Buy a copy of this poetry book >

Find out more about this book here >

Tuesday, 18 June 2013

Featured Poems: Mario Petrucci

“Reminiscent of e.e. cummings at his best”, Mario Petrucci’s work is “vivid, generous and life-affirming” (Envoi). His most recent poems, inspired by Black Mountain and hailed as “modernist marvels” (Poetry Book Society), embrace contemporary issues of profound social and personal relevance via a distinctive combination of innovation and humanity. Through groundbreaking residencies, poetry films and a remarkable output of ecopoetry, his unique scientific sensibility has illuminated the linguistic as well as emotive resonances of love and loss in the public and private domains. Whether exploring the tragedies of Chernobyl (Heavy Water, 2004) or immersing himself in heart-rending invention (i tulips, 2010), Petrucci aspires to “Poetry on a geological scale” (Verse). anima, his most recent collection, is part of the larger i tulips sequence of poems, and is out now, published by Nine Arches Press.



photo credit: Jemima Kuhfeld




halves

the blade drops
& both half-oranges
rock upon their backs as

beetled species made
zestful but without
the frantic legs

enlarged in heat
to overbrightly dribble
sap in that broken moment

after insect sex which could be
love yet dictates each rolls
apart to undercarriage

straight-grained ex
-posed in falling apart
where one gains access

to tarter matters animal
or vegetable softly to
be consumed for

rind is hard on us
unscooped or what
the starveling leaves

behind or am I for
getting I was once in
heart fruit-perfect & un-

halved?





V

overhead
soundless
almost

that
swish &
squeak

of feathered
air
subtle-rush

wings
the wobbled
necks

so near
one
rear-straggler

full-spanned
with
a flicker

merest
shudder
realigns

& already
gone
they have

shifted
blueness
moved

through
then on
now

made
effortless
yet

utterly
heavily
present

as you




nearness of lovers

tight on the Tube
so
close the soft thrust

of the train bitters my
lip
on the twill of his right

shoulder
i smell the second waft
of her

breathed
aroma white with tended
teeth

reserved
for him received by this
stranger

who suddenly loves
before
her beau can

that wateriness
in blue
as her still

eyes
unblock something
of me

through him
&
i hear in thunder

wheels upon wheels
his
small gasp to the rock

of her carriage : words
intended
for one nuzzled other

urgency spills as
love
does – as love

does





About anima by Mario Petrucci 


Published: May 2013

Price: £8.99 





The thirty-nine poems of anima bring a distinctive, archetypal potency to the closing stages of Mario Petrucci’s larger i tulips project, the 1111-strong sequence in which this sub-sequence crucially sits. These challengingly-unorthodox poems are, in one sense, impromptu investigations into the anima-impetus within the male psyche; but they also immerse the reader in a primal love poetry that is sensuous yet vulnerable.

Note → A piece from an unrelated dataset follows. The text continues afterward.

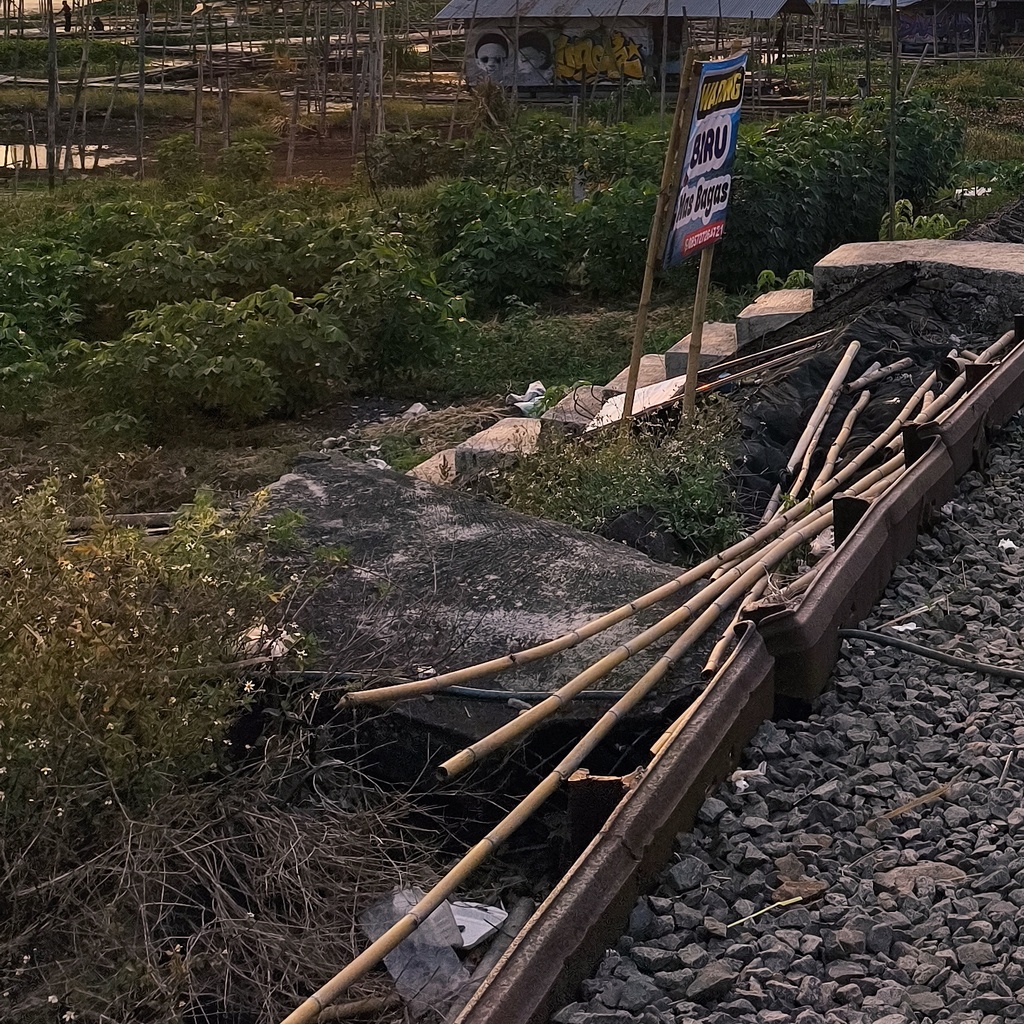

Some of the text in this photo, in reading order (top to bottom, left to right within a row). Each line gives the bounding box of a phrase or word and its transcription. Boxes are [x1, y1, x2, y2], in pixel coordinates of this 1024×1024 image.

Arising organically from prior modernist experiment, Petrucci’s style nevertheless remains utterly contemporary. His mastery of the shape and sound of each poem makes for an intense and all-consuming experience, refocusing an array of influences through an acute lyrical sensibility. By yielding so completely to the power of linguistic transformation, these searing, necessary poems capture both the crisis and the beauty of the heart’s innermost voyage.



Praise for anima by Mario Petrucci:


“Mario Petrucci’s anima is a revelation of the underside of a human heart submitting to the contradictions of love, doubt and mortality. This remarkable work reconfigures the soul as well as the mind, through language that shapes the ineffable into a visceral, triumphant poetry.” - Alexandra Burack [American poet and educator]

“The tensile delicacy of Petrucci’s lines springs back with a very English baroque, Miltonic surprise: sense-ambush occurs in the next line, skewering what's gone before. Between these line-breaks rests a declamatory silence tested to snapping. This is major work to cast shadows.” - Álvaro de Campos [tr. Simon Jenner]


“With a brio and tenderness all of their own, these new lyric poems are modernist marvels, word sculptures pared to their very essence… Petrucci’s tulips promise to grow into a truly ambitious landmark body of work.”- Poetry Book Society Bulletin [Spring 2010]






Tuesday, 14 May 2013

Interview with Angela France

Angela France has had poems published in many of the leading journals, in the UK and abroad and has been anthologised a number of times. She has an MA in ‘Creative and Critical Writing’ from the University of Gloucestershire and is studying for a PhD. Publications include Occupation (Ragged Raven Press) and Lessons in Mallemaroking (Nine Arches Press). Angela is features editor of Iota and runs a monthly poetry cafe, ‘Buzzwords’. Her latest collection, Hide, is published by Nine Arches Press.


image credit: Derek Adams




 Your poetry collection titles are intriguing and memorable, and often have fascinating a backstory all of their own. Lessons in Mallemaroking (Nine Arches Press pamphlet, 2011) certainly did! Could you tell us more about Hide as a title, and also about the importance of collection titles themselves - does a collection seem to you to assemble itself around the nucleus of what a title captures in some sense? 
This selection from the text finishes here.